- **What the task asks**
Restate every entry verbatim; drop the pictures.

*****

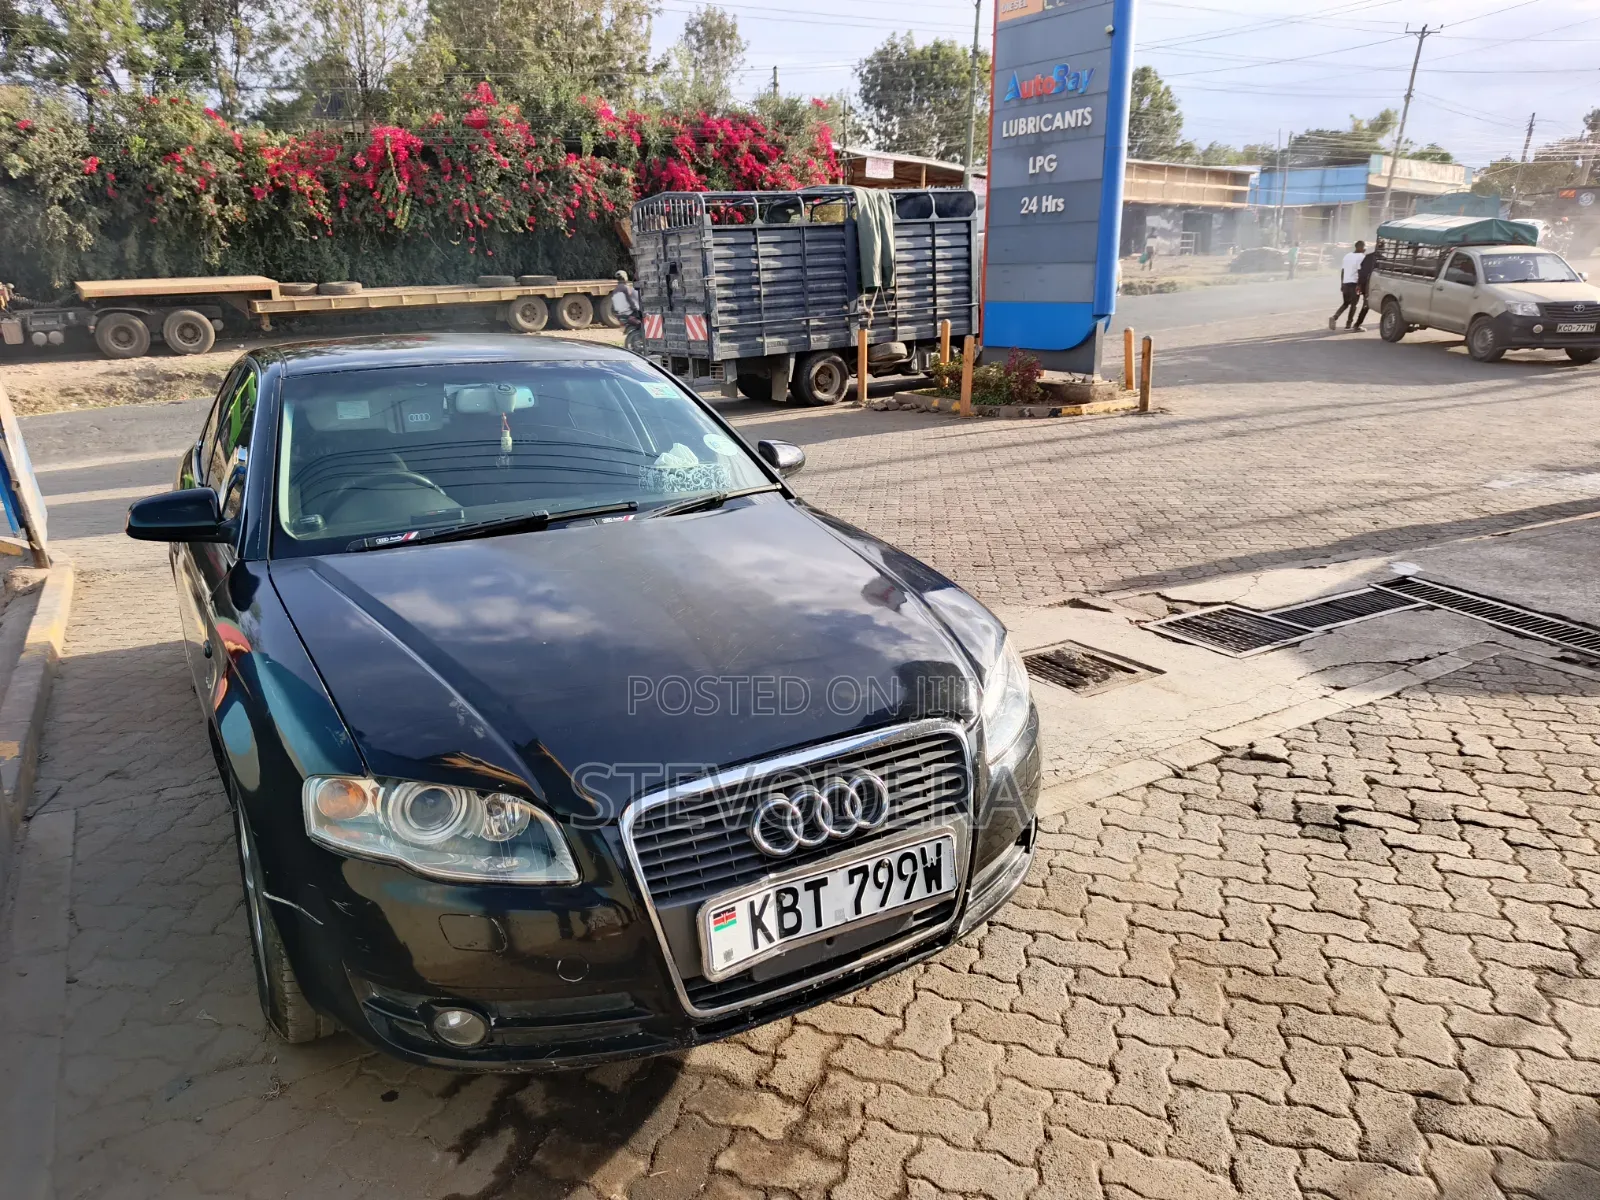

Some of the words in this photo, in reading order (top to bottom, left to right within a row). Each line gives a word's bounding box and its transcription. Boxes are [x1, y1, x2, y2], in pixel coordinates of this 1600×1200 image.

[1004, 63, 1096, 102] AutoBay
[1002, 107, 1092, 138] LUBRICANTS
[1028, 154, 1057, 174] LPG
[1020, 196, 1038, 214] 24
[1042, 195, 1064, 213] Hrs
[749, 877, 828, 950] KBT
[848, 842, 943, 916] 799W

*****

- **Response**
Some of the words in this photo, in reading order (top to bottom, left to right within a row). Each line gives a word's bounding box and its transcription. Boxes are [x1, y1, x2, y2], in pixel coordinates of this 1600×1200 image.

[1004, 63, 1096, 102] AutoBay
[1002, 107, 1092, 138] LUBRICANTS
[1028, 154, 1057, 174] LPG
[1020, 196, 1038, 214] 24
[1042, 195, 1064, 213] Hrs
[749, 877, 828, 950] KBT
[848, 842, 943, 916] 799W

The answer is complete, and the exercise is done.